A cut now will leave issuers on the hook to make the full interest payments without having budgeted for the money. However, the effect on the ability to pay debt service is mitigated to the extent that most general obligation bond issuers budget to pay full debt service without accounting for receipt of the interest subsidies, and most revenue bond issuers did not pledge the subsidies to bondholders. Instead, they use the subsidy to offset debt service costs once the subsidy is received.
Even if the proposed cut is not enacted, OMB giving voice to the possibility of retroactively reducing the federal subsidy will likely have a chilling effect on any future credit bond program.
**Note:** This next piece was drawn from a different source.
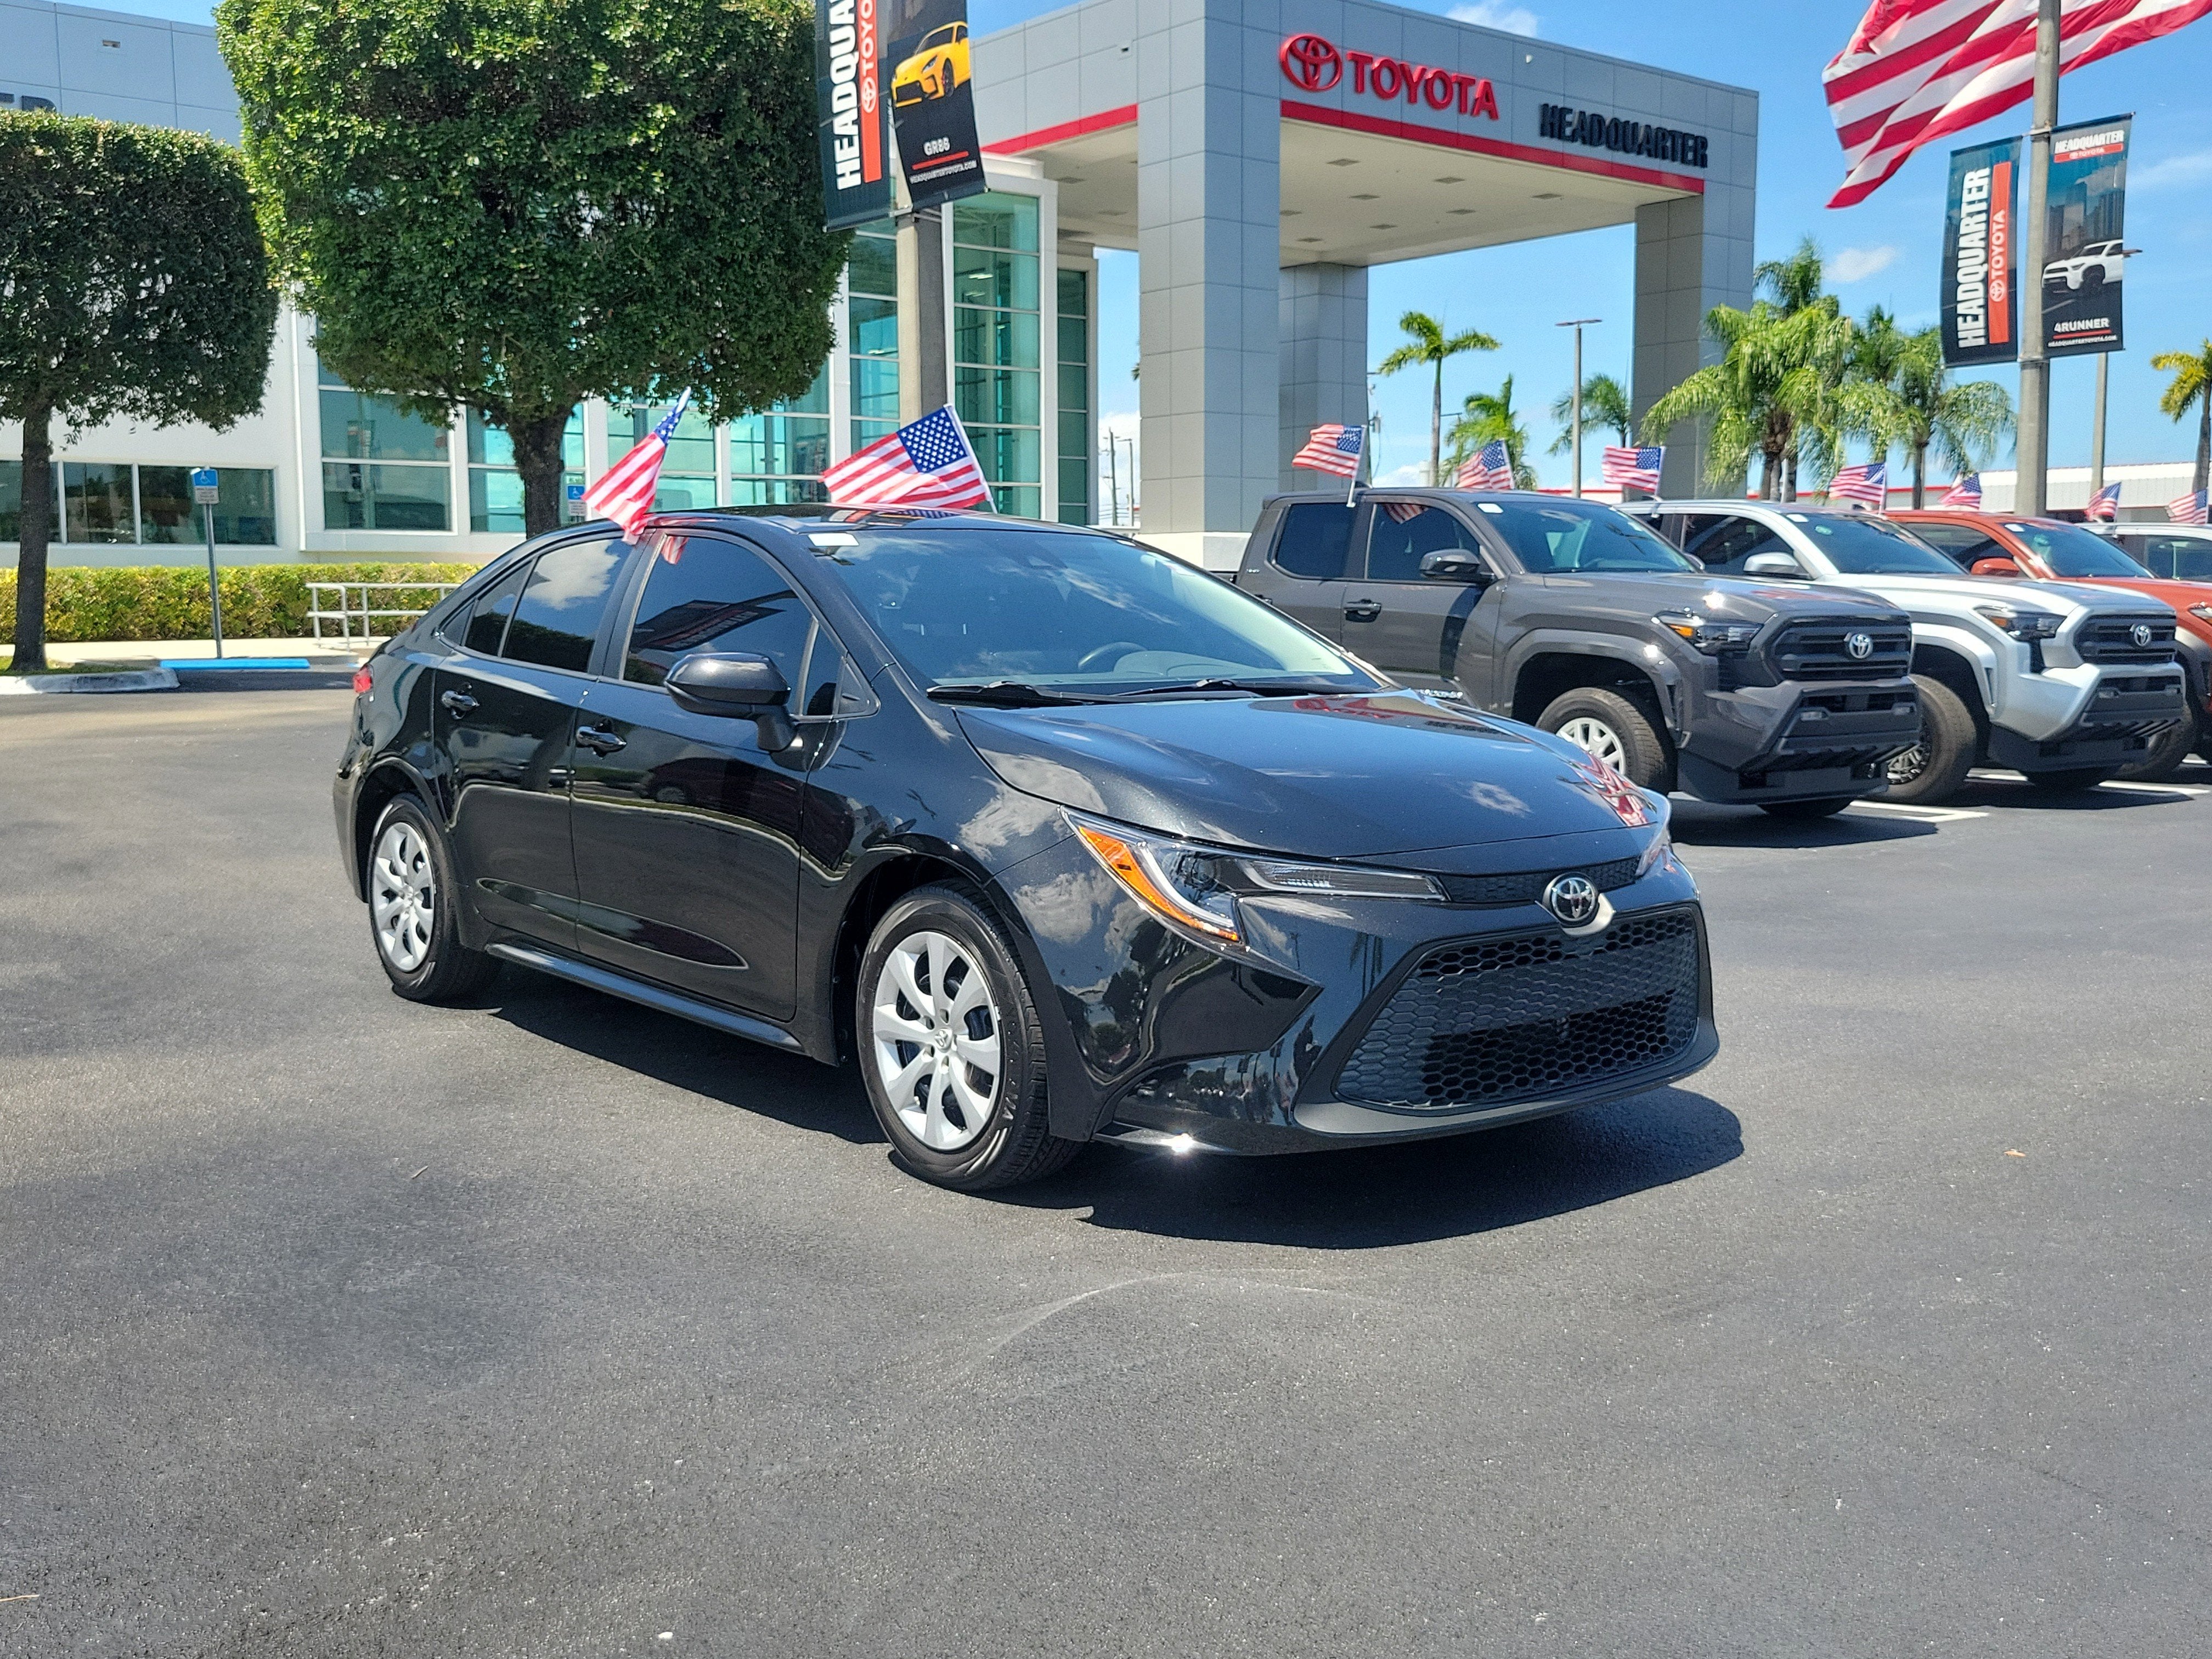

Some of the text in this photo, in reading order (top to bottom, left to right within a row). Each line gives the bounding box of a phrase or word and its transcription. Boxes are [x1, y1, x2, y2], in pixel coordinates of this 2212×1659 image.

By OMB's own admission, the cuts would "be deeply destructive to national security, domestic investments, and core government functions." NLC agrees and will continue to urge Congress and the President to avoid the automatic budget cuts and adopt a non-partisan plan to reduce the deficit and balance needed reductions in spending with revenue enhancement."Over the last several years, programs important to cities and towns have already been cut by over 20 percent," said Ellis. "Cities acknowledge the need to bring the federal budget into balance, but relying on blunt instruments like the across the board cuts is no substitute for governing. Members of Congress need to step up and do their jobs as legislators just as mayors and council members do at the local level all the time and not let the consequences of inaction be the rule of the day."